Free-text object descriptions
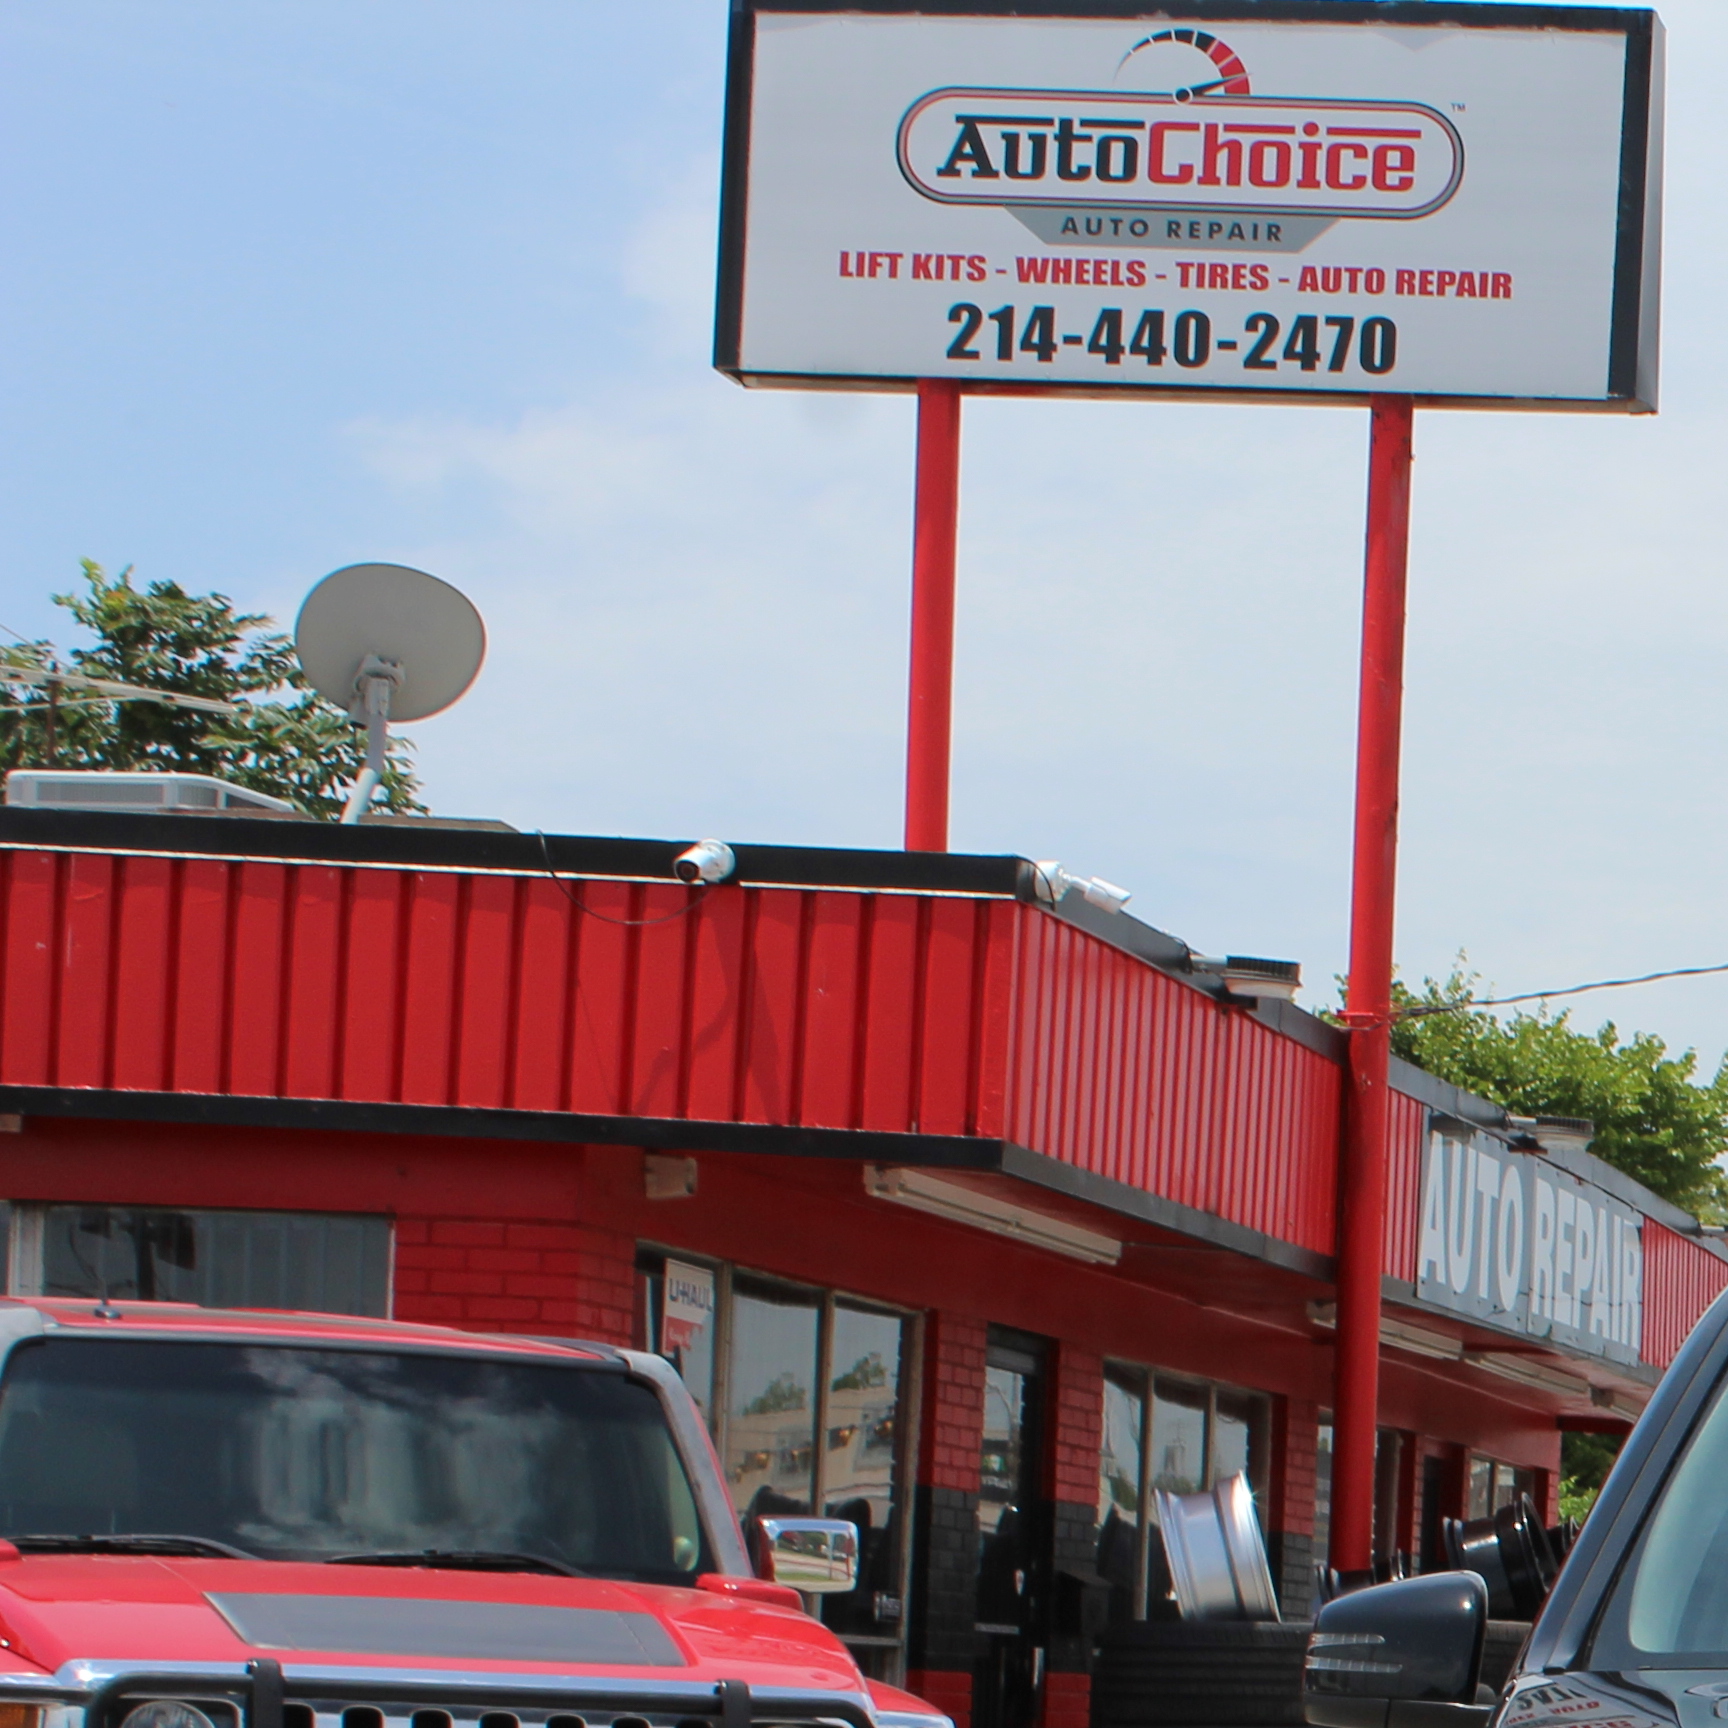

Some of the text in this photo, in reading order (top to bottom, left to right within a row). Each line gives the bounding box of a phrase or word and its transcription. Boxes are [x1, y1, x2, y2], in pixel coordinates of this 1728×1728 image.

[937, 115, 1422, 191] AutoChoice
[1061, 216, 1284, 244] AUTO REPAIR
[840, 251, 903, 278] LIFT
[913, 254, 986, 281] KITS
[1016, 257, 1145, 287] WHEELS
[1176, 262, 1268, 291] TIRES
[1298, 266, 1385, 294] AUTO
[1396, 269, 1511, 298] REPAIR
[945, 302, 1397, 375] 214-440-2470
[1419, 1129, 1643, 1349] AUTO REPAIR

*What is expected*. All of the data above should be printed again exactly, though none of the pictures belong in the copy.

*Answer section*.
Some of the text in this photo, in reading order (top to bottom, left to right within a row). Each line gives the bounding box of a phrase or word and its transcription. Boxes are [x1, y1, x2, y2], in pixel coordinates of this 1728×1728 image.

[937, 115, 1422, 191] AutoChoice
[1061, 216, 1284, 244] AUTO REPAIR
[840, 251, 903, 278] LIFT
[913, 254, 986, 281] KITS
[1016, 257, 1145, 287] WHEELS
[1176, 262, 1268, 291] TIRES
[1298, 266, 1385, 294] AUTO
[1396, 269, 1511, 298] REPAIR
[945, 302, 1397, 375] 214-440-2470
[1419, 1129, 1643, 1349] AUTO REPAIR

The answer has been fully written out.